Nils Haarmann : Tu travailles avec le chorégraphe Nir de Volff, le corps joue donc aussi un rôle dans la mise en scène. Peut-être pourrais-tu nous en dire plus à ce sujet, à propos du rôle du corps dans le spectacle, à travers la danse, le mouvement et par rapport à ces histoires très personnelles, ces textes, ces moments biographiques ? Est-ce qu’il s’agit d’une troupe de danseurs ? De quelle manière la danse rencontre-t-elle le travail biographique et aborde-t-elle ces sujets qui nous occupent en Europe ?


La danse, le mouvement, permettent d’aborder ces questions de manière très personnelle sur scène. La manière dont quelqu’un se déplace, dont il respire, dont son corps est bâti, est toujours absolument unique et personnelle. Ce qui est particulier ici, c’est que la troupe est composée de comédiens, de danseurs et de performeurs.


(...)


Je trouvais cela intéressant d’avoir une troupe qui ne soit pas uniquement composée de comédiens, d’avoir un véritable mélange. En réalité, il ne s’agit pas de savoir exécuter parfaitement un mouvement, mais plutôt d’expression corporelle et de toutes ces questions qui peuvent se manifester physiquement, comme les peurs, les angoisses ou peut-être les fissures présentes dans la société européenne – comme la peur du déclin social. En ce sens, la danse – ou bien la corporalité – représente une autre dimension du spectacle et Nir de Volff travaille beaucoup sur la respiration, donc sur l’intimité, le corps intime de chaque interprète, ce qui correspond parfaitement à ce type de travail sur le texte, lui aussi très intime. Certaines histoires sont très personnelles, par exemple lorsque qu’une personne raconte sa relation avec son père ou son rapport à la religion, ou encore son coming out. Ce sont des histoires personnelles qui sont mises en mouvement grâce au travail physique proposé par Nir.

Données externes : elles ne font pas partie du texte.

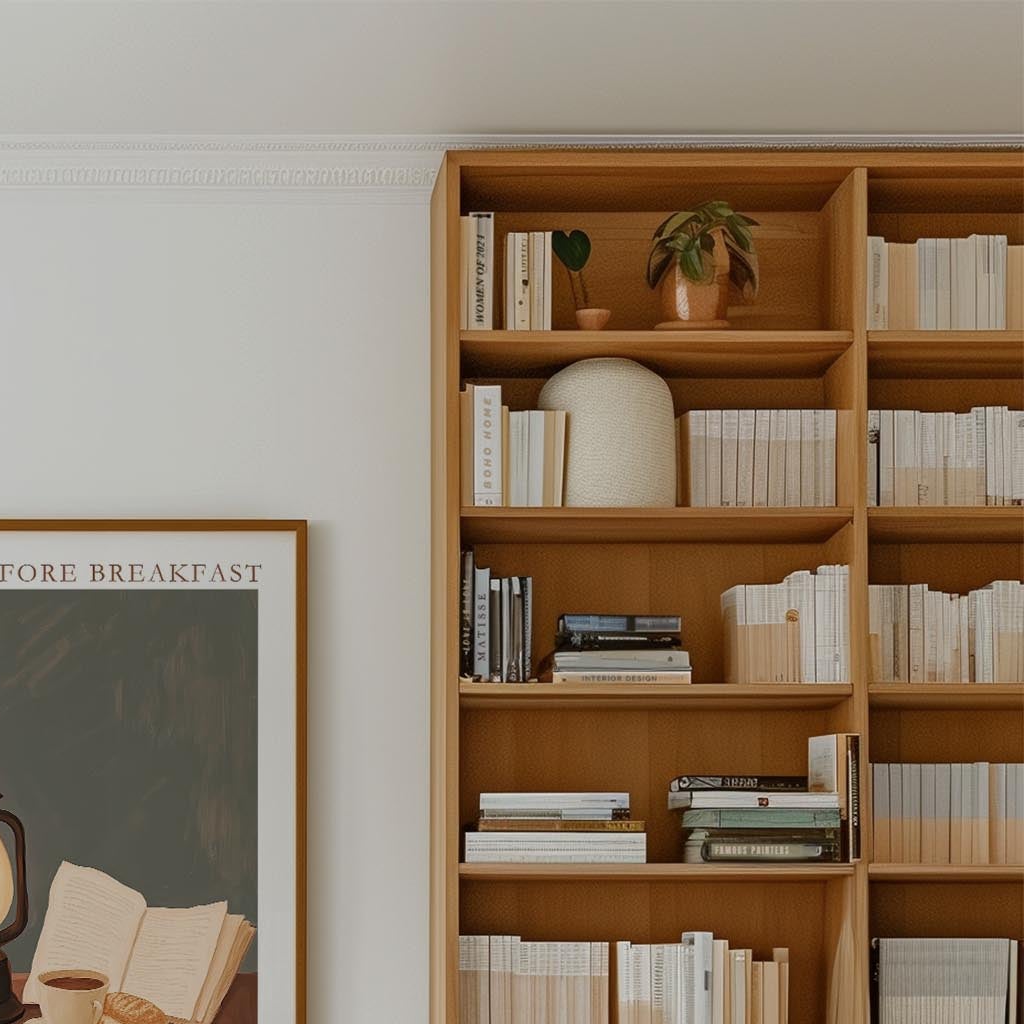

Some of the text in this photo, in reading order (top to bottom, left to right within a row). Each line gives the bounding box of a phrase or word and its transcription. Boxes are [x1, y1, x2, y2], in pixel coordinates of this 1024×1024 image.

En plus de Nir, il y a toute une équipe de collaborateurs et collaboratrices artistiques, dont certains avec qui tu travailles depuis très longtemps. Qui sont-ils et comment s’engagent-ils dans ce processus ?


Il y a toi, par exemple, Nils Haarmann. Ton travail consiste à accompagner l’ensemble du projet, à ajouter des idées, à rechercher des textes sur l’Europe ou à en discuter avec moi. Notre travail va consister à débattre entre nous de ce qui est le plus intéressant dans ces histoires racontées pendant les répétitions : lesquelles choisissons- nous ?


(...)


C’est sans doute le plus grand défi : comment amener quelque chose de personnel sur scène sans tomber dans la confession ou la thérapie – pour que cela devienne véritablement un matériau théâtral et littéraire ? Comment l’intime peut-il se transformer en matériau littéraire ? Il y a également Katrin Hoffmann, la scénographe avec laquelle je travaille depuis plus de vingt ans, elle crée des espaces pour mes textes. Elle réalise le décor et les costumes, elle a également travaillé avec moi sur Je suis Fassbinder et My Secret Garden, les deux spectacles que j’ai créés en France avec Stanislas Nordey. Ensuite, il y a le vidéaste Aliocha Van der Avoort, c’est un artiste formidable, qui travaille avec beaucoup de sensibilité et de poésie, et Matthias Grübel qui se charge de la musique. Et ça aussi, c’est intéressant : Matthias travaille individuellement avec chaque interprète. Parfois, il s’agit de trouver le morceau qui a une signification particulière pour chacun. Quelle histoire y a-t-il derrière telle chanson ? Y a-t-il des chansons traditionnelles que leurs grands-parents leur ont peut-être chantées mais qui sont aujourd’hui perdues ? Il s’agit d’interroger la tradition européenne à travers la musique. Matthias Grübel, qui fait lui-même de la musique électronique, travaille beaucoup à partir de morceaux populaires. La musique pop transporte toujours une histoire, une émotion, une dimension personnelle.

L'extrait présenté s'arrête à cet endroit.